**Records for the task:**
────────────────────
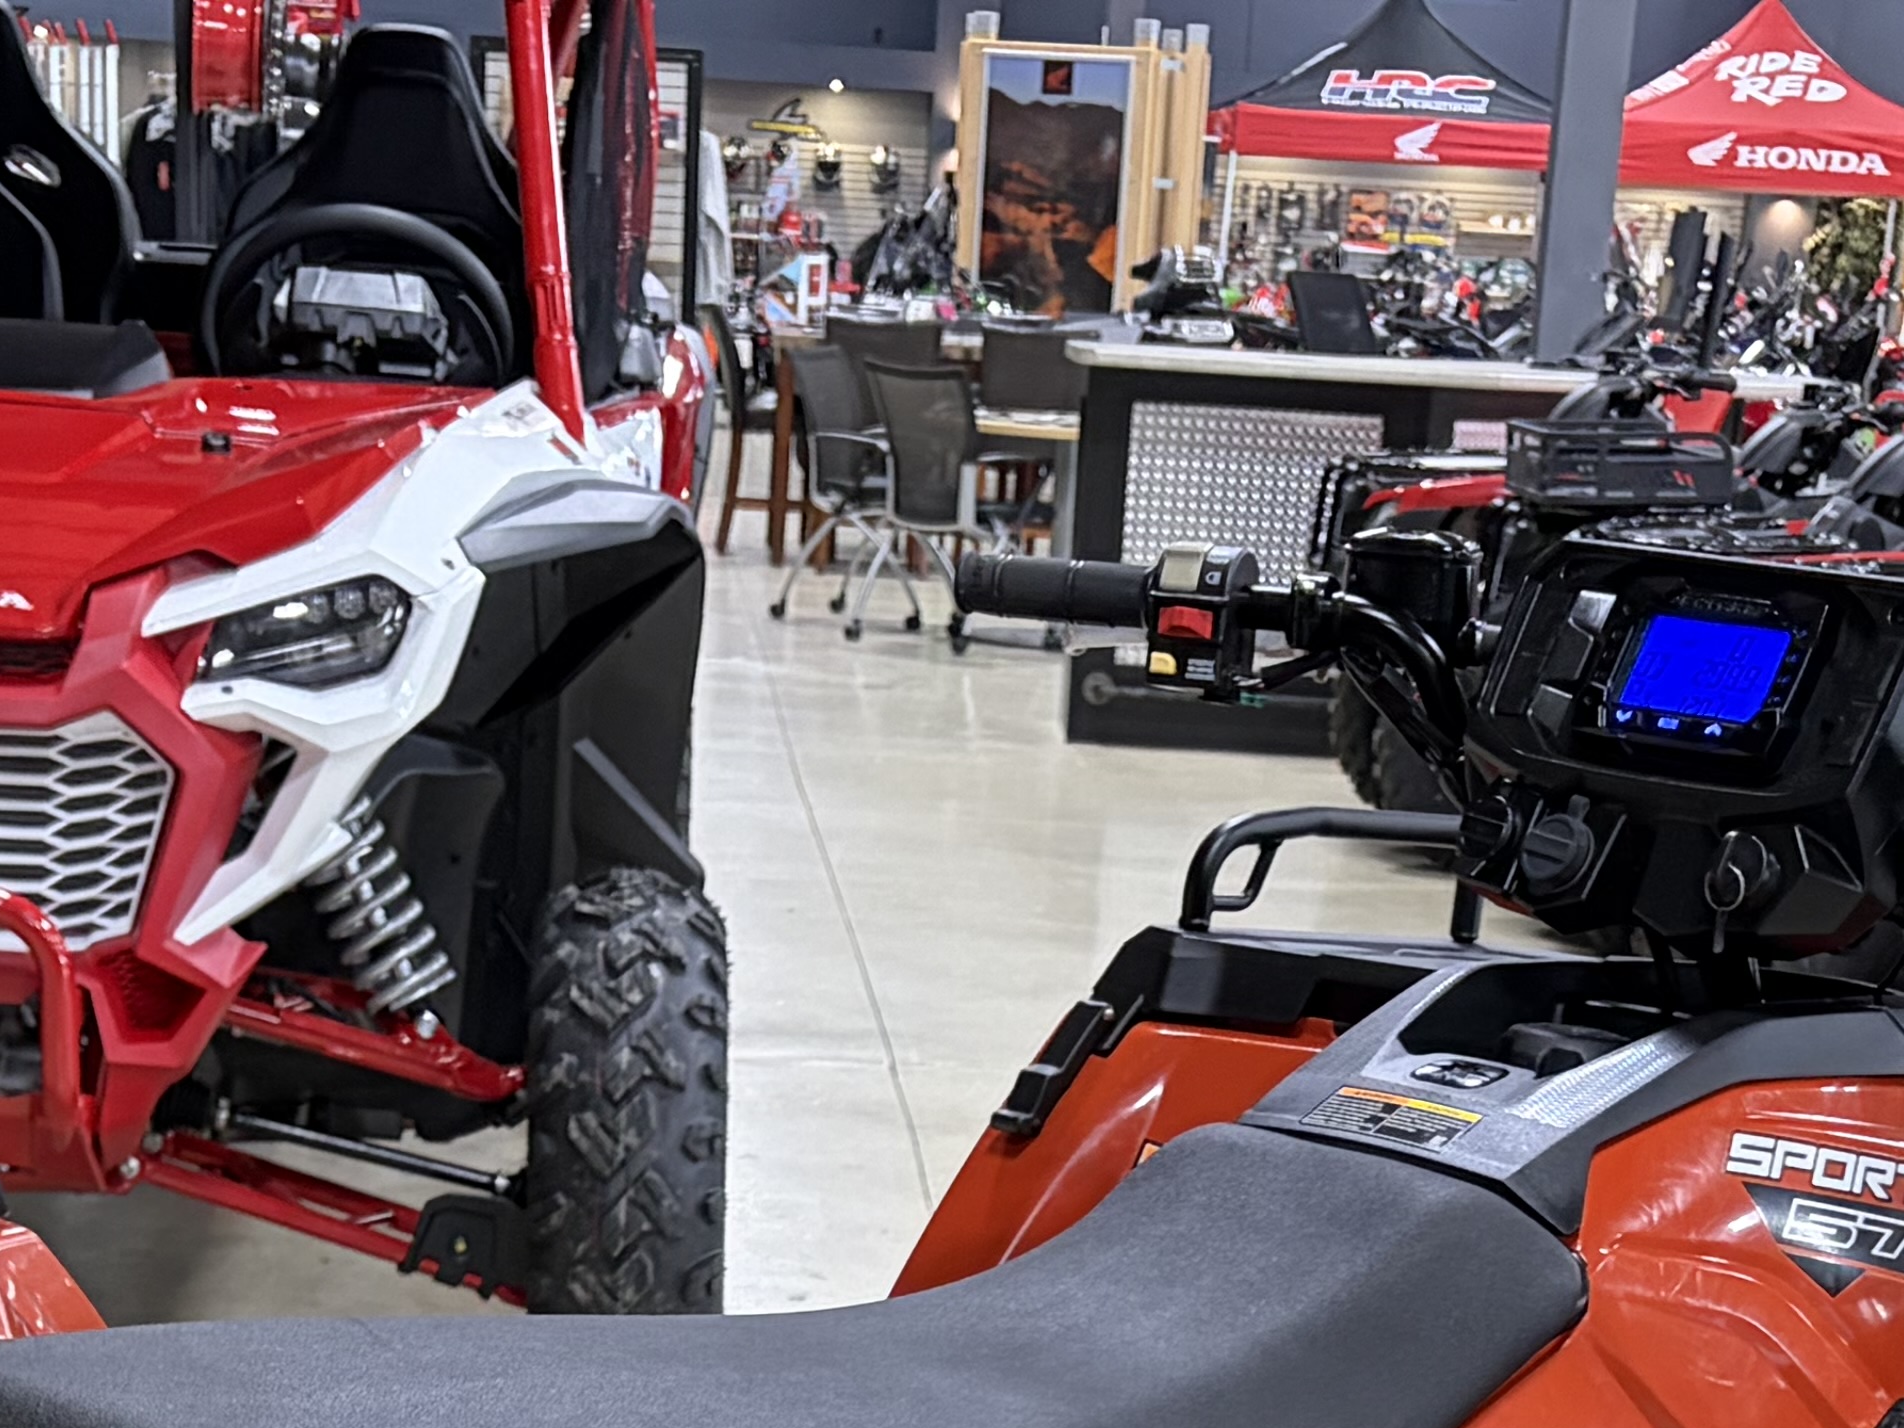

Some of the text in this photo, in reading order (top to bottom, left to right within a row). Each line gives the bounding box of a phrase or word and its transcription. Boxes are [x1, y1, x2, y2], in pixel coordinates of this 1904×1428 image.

[1714, 49, 1823, 81] RIDE
[1320, 69, 1497, 106] HRC
[1730, 74, 1848, 107] RED
[1733, 144, 1892, 177] HONDA
────────────────────
**Aim of the task:** Reproduce the data verbatim. Do not carry any picture into the copy.

**Result of the task:**
Some of the text in this photo, in reading order (top to bottom, left to right within a row). Each line gives the bounding box of a phrase or word and its transcription. Boxes are [x1, y1, x2, y2], in pixel coordinates of this 1904×1428 image.

[1714, 49, 1823, 81] RIDE
[1320, 69, 1497, 106] HRC
[1730, 74, 1848, 107] RED
[1733, 144, 1892, 177] HONDA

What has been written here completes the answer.